Initiated by the International Organization for Migration (IOM)’s Regional Office for Southern Africa and the United States Agency for International Development (USAID) through the President’s Emergency Fund for AIDS Relief (PEPFAR) in 2009, the Ripfumelo (“believe” in xiTsonga language) program is designed to reduce HIV vulnerability among farm workers in South Africa’s Limpopo and Mpumalanga provinces. The project works to develop a network of stakeholders working specifically on HIV-related issues to reduce the high incidence and impact of HIV on farm workers, their families, and communities. It aims to address individual and contextual factors that increase vulnerability to HIV amongst commercial agricultural workers. These include the mobility and migratory factors associated with the nature of the work, such as limited access to services, gender dynamics and lack of healthier recreational activities. But little is known about innovative use of information and communication technologies to help achieve the strategic goal of Ripfumelo. As the world celebrates AIDS Day, it is important to reflect on issues like this and look at ways by which ICTs can be effectively integrated into such a project to help achieve the 2015 target of “Getting to Zero” with HIV/AIDS. HIV/AIDS and Its Impact on Agriculture The adverse effects of HIV/AIDS on agriculture and rural development are manifested primarily as loss of labor supply, of on- and off-farm income and of assets. The Food and Agriculture Organization (FAO) for example noted that, the consequences of HIV/AIDS – poverty, food insecurity, malnutrition, reduced labor force and loss of knowledge – contribute to making the rural poor more vulnerable to HIV/AIDS infection. Other studieshave identified the devastating effects of HIV/AIDS on farmers in specific and agriculture in general as;
- Reduced staff productivity through loss in human resources, absenteeism due to morbidity and funeral attendance, morbidity-related on-the-job fatigue, and staff demoralization.
- Increase in Ministerial expenditures through costs related to HIV/AIDS absenteeism, medical costs, burial costs, recruitment and replacement costs/productivity loss after training, terminal benefits, and costs incurred to protect the rights of staff members living with HIV/AIDS at the workplace.
- Increase in staff turnover
- Increase in the workload of the staff of ministries of agriculture
- Loss of knowledge, skills and experience
Using ICTs and Social Media to fight HIV/AIDS Among FarmersBy their nature, ICTs have the potential to help reduce the impact of HIV/AIDS on agriculture through effective communication strategies. ICTs are helping through treatment and prevention programs, changing attitudes and practices, and making it possible to share success and best practices.
- Access to information on HIV/AIDS by these farm workers is key to the fight against the pandemic among them. Radio and television are basic communication tools that could help disseminate information on the danger of contracting HIV/AIDS to these farm workers.
- Access to data on these individuals and their settings is also key in designing effective program for them. Information and communication technologies such as mobile phones and other hand-held devices could be used to gather instant and accurate data for the organizations involved in the project.
- ICTs and social media could be used in training and educating both the migrant workers and their hosts on HIV/AIDS.
- Information communication technologies could also be used through diagnosis and treatment support services for these migrant farm workers who have limited access to basic health services.
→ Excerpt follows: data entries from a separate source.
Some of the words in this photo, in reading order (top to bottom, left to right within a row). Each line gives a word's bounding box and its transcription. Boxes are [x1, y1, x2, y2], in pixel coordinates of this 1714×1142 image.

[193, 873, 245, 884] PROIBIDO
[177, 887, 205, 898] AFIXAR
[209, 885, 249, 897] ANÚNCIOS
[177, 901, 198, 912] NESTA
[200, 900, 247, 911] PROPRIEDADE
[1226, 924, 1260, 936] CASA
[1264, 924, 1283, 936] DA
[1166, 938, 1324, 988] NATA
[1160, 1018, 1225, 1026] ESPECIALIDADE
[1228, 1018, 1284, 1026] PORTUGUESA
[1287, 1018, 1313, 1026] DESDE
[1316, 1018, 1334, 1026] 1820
Mobile health services and other e-medicine programs are being used for other diseases.
- Affected farm workers could be supported and encouraged through sharing of experiences and challenges by others through the use of videos and photographs.
- The Internet as a global public medium could be used to win the victims support from their governments, NGOs and other well wishers.
- Testimonies of People Living with HIV/AIDS could be documented and shared with these migrant communities during training and workshops.
- Internet websites, and social networking sites like Facebook could also be used as secondary medium in reaching out to these people.
ICTs are collaborating tools and with the goal of the Ripfumelo program to network stakeholders working on the issue, there should not be any delay in integrating these tools to reach their target. Remember “Getting to Zero” is 2015.